Circumstances changed that year – my son’s symptoms became much worse and we were no longer confident that he was safe to himself, and possibly to others. After his first mental health hospitalization we made the heartbreaking decision for him to live in a PMIC (Psychiatric Medical Institution for Children), where he lived for nine months.

These months were a time of healing and recovery: for a period of time I knew my son was safe and saw him flourish academically in an educational environment that met his emotional and developmental needs.

As for me, the reduced stress, regular sleep and less complicated schedule of those nine months gave me the ability to look beyond daily survival for more sustainable and systematic solutions. I became a children’s mental health advocate.

Since then my son has finally received the Children’s Mental Health Waiver. Its services have been key to his success living in the community. Our struggles are not over, but each year he becomes better at articulating his feelings and asking for help before he escalates or considers hurting himself.

Advocacy has become a regular part of both of our lives. He has become a Tourette Syndrome Ambassador and works to help others better understand the condition. This work has blended nicely with his passion for politics and he has enjoyed opportunities to talk to legislators at the state and federal level.

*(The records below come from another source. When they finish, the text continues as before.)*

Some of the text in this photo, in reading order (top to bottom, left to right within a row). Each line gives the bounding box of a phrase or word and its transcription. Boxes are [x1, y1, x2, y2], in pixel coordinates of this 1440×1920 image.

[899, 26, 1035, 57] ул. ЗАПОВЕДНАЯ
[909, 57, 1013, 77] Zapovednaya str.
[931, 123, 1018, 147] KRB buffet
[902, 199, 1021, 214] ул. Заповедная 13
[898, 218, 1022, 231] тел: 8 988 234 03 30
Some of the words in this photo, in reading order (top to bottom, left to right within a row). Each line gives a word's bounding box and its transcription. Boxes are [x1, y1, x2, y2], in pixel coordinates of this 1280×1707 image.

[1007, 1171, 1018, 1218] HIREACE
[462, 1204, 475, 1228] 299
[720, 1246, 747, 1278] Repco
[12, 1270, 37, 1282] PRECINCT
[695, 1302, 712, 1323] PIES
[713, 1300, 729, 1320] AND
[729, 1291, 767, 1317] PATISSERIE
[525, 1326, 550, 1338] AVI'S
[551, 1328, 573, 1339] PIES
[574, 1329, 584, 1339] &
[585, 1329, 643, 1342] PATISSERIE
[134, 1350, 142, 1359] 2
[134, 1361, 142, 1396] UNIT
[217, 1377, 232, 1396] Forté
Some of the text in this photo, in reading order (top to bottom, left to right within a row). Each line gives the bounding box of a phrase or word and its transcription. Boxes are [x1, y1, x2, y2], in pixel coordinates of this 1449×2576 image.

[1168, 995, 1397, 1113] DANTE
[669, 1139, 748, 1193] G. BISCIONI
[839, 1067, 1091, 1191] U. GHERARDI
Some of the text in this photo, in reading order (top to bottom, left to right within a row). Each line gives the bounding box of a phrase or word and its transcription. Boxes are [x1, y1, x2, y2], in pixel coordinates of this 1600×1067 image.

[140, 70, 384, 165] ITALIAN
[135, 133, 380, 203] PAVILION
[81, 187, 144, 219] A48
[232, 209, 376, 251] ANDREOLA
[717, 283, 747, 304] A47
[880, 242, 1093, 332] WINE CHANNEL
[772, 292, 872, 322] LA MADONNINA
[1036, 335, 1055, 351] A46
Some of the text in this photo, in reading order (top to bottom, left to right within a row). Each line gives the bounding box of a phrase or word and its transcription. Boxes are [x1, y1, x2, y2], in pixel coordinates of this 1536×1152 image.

As for me, I have spent the last few years contributing a mother’s point of view to state-level discussions on children mental health health policy. This work motivates me to find ways to help other parents share their stories, their wisdom.

Which brings us back to idea behind this website:

Mothers have unique insights into the needs of their children.

The goal of Mothers on the Frontline is to empower mothers to share their wisdom and a platform to do it.

In doing so it can also give decision makers a deeper understanding of how children’s mental health issues intersect with family systems, educational systems, juvenile justice systems, health care systems, communities, etc. In other words, its helps professionals and elected officials have a better view of the needs of the whole child.